▸ **PROBLEM DESCRIPTION**:
Without skipping a line, reproduce the entries exactly.

(Beginning of AVAILABLE DATA)

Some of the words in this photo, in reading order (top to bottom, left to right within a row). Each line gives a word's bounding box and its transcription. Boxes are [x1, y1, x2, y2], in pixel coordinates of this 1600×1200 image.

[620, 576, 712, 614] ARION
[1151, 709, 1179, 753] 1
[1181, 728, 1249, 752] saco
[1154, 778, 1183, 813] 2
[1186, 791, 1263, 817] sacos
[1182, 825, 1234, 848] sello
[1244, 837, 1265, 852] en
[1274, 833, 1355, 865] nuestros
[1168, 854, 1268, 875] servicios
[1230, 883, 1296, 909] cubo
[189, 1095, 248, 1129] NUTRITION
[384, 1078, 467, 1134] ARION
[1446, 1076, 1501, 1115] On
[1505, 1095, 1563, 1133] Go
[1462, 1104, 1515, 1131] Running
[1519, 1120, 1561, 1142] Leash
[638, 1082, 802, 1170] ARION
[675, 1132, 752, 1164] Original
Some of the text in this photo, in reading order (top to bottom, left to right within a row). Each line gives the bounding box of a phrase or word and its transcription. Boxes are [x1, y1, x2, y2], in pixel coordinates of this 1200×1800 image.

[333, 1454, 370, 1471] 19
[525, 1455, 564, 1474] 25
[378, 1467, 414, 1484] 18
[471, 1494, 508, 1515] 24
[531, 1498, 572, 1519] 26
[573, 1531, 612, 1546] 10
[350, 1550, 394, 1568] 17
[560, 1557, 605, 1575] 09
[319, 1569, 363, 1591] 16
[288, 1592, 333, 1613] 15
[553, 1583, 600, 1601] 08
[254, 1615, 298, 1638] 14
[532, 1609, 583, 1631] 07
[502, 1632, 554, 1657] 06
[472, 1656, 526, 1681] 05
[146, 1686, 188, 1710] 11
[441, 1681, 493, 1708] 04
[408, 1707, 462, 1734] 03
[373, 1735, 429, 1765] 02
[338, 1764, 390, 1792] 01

(End of AVAILABLE DATA)

▸ **EXERCISE RESULT**:
Some of the words in this photo, in reading order (top to bottom, left to right within a row). Each line gives a word's bounding box and its transcription. Boxes are [x1, y1, x2, y2], in pixel coordinates of this 1600×1200 image.

[620, 576, 712, 614] ARION
[1151, 709, 1179, 753] 1
[1181, 728, 1249, 752] saco
[1154, 778, 1183, 813] 2
[1186, 791, 1263, 817] sacos
[1182, 825, 1234, 848] sello
[1244, 837, 1265, 852] en
[1274, 833, 1355, 865] nuestros
[1168, 854, 1268, 875] servicios
[1230, 883, 1296, 909] cubo
[189, 1095, 248, 1129] NUTRITION
[384, 1078, 467, 1134] ARION
[1446, 1076, 1501, 1115] On
[1505, 1095, 1563, 1133] Go
[1462, 1104, 1515, 1131] Running
[1519, 1120, 1561, 1142] Leash
[638, 1082, 802, 1170] ARION
[675, 1132, 752, 1164] Original
Some of the text in this photo, in reading order (top to bottom, left to right within a row). Each line gives the bounding box of a phrase or word and its transcription. Boxes are [x1, y1, x2, y2], in pixel coordinates of this 1200×1800 image.

[333, 1454, 370, 1471] 19
[525, 1455, 564, 1474] 25
[378, 1467, 414, 1484] 18
[471, 1494, 508, 1515] 24
[531, 1498, 572, 1519] 26
[573, 1531, 612, 1546] 10
[350, 1550, 394, 1568] 17
[560, 1557, 605, 1575] 09
[319, 1569, 363, 1591] 16
[288, 1592, 333, 1613] 15
[553, 1583, 600, 1601] 08
[254, 1615, 298, 1638] 14
[532, 1609, 583, 1631] 07
[502, 1632, 554, 1657] 06
[472, 1656, 526, 1681] 05
[146, 1686, 188, 1710] 11
[441, 1681, 493, 1708] 04
[408, 1707, 462, 1734] 03
[373, 1735, 429, 1765] 02
[338, 1764, 390, 1792] 01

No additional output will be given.